A more appropriate name for ADHD would be EFDD, or executive function deficit disorder. - Dr. Russell Barkley
Executive functions are more than just a buzzword going around in the ADHD world, they are in fact inseparable from the condition itself. So much is this the case that Dr. Russell Barkley claims a more appropriate name for the condition would be EFDD, or executive function deficit disorder.
Howbeit, implementing such a change at this point would be no easy feat, given the myriad of entitlements, science, and legislation build up around the incumbent name of ADHD.
In a recent interview with Attention Talk Radio, Dr. Barkley described six key symptoms of executive function deficits that manifest themselves in ADHD patients. These include:
- Poor self-restraint and high impulsivity.
- Poor self-awareness.
- Difficulty using hindsight (the ability to visualize a past situation).
- Lack of or poor use of an internal monologue (resulting in difficulty self-soothing emotional responses or considering the consequences of their actions).
- Difficulty with the self-regulation of emotions (leading to inappropriate social behaviors).
- Challenges with mental play (internal information manipulation used in problem solving).
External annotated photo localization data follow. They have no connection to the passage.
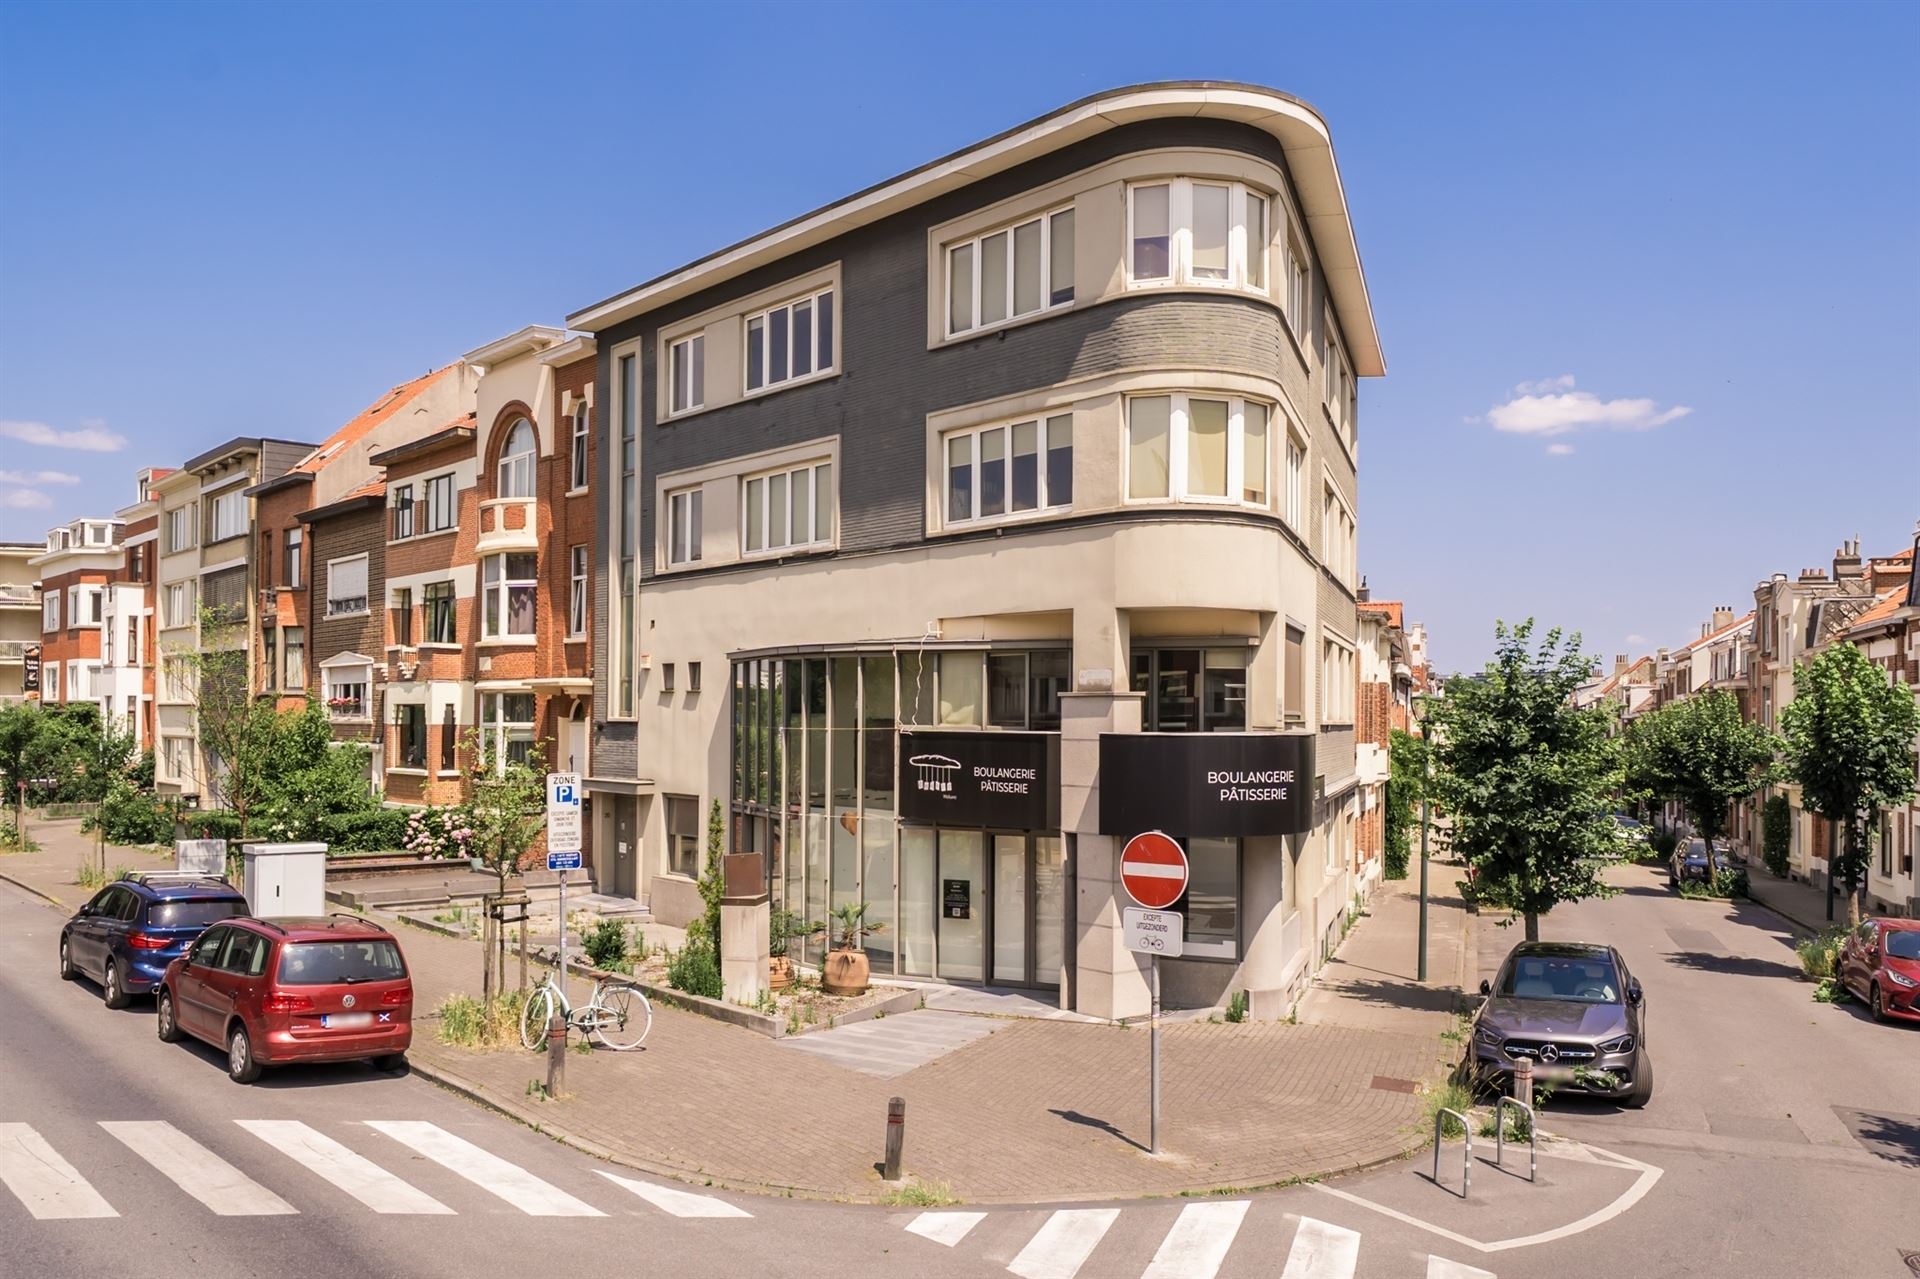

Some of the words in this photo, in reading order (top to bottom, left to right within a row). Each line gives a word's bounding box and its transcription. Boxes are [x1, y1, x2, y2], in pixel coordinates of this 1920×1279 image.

[974, 767, 1036, 779] BOULANGERIE
[1208, 771, 1294, 784] BOULANGERIE
[554, 776, 576, 784] ZONE
[981, 780, 1028, 794] PÂTISSERIE
[1220, 786, 1288, 801] PÂTISSERIE
[559, 786, 570, 802] P
You may have recognized many of these symptoms or behaviors in your own ADHD (or your child’s), but now you know what to attribute them to.
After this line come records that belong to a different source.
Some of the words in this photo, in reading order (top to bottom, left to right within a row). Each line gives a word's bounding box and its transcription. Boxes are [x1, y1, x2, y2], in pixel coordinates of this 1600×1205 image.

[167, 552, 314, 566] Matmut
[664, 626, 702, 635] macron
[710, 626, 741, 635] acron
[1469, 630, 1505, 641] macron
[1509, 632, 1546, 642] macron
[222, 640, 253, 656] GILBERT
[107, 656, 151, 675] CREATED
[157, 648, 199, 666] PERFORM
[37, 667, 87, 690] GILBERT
Luckily, Dr. Barkley also puts forth six quick tips and tricks to deal with these executive function impairments/deficits:
- Don’t rely on working memory – use externalized systems like notes, reminders, or apps instead.
- Externalize your internal clock – use timers and visual reminders to help you stay on track and on time.
- Stop utilizing intrinsic motivation – create rewards and consequences for yourself ahead of time rather than relying on yourself to get things done.
- Turn projects into smaller more manageable chucks
- Solve problems using manual methods with filing cards, programs, and apps.
- Lastly, re-fuel your executive function tank. Take time to exercise, meditate, and train your executive functions so you’re fresh going into your next task.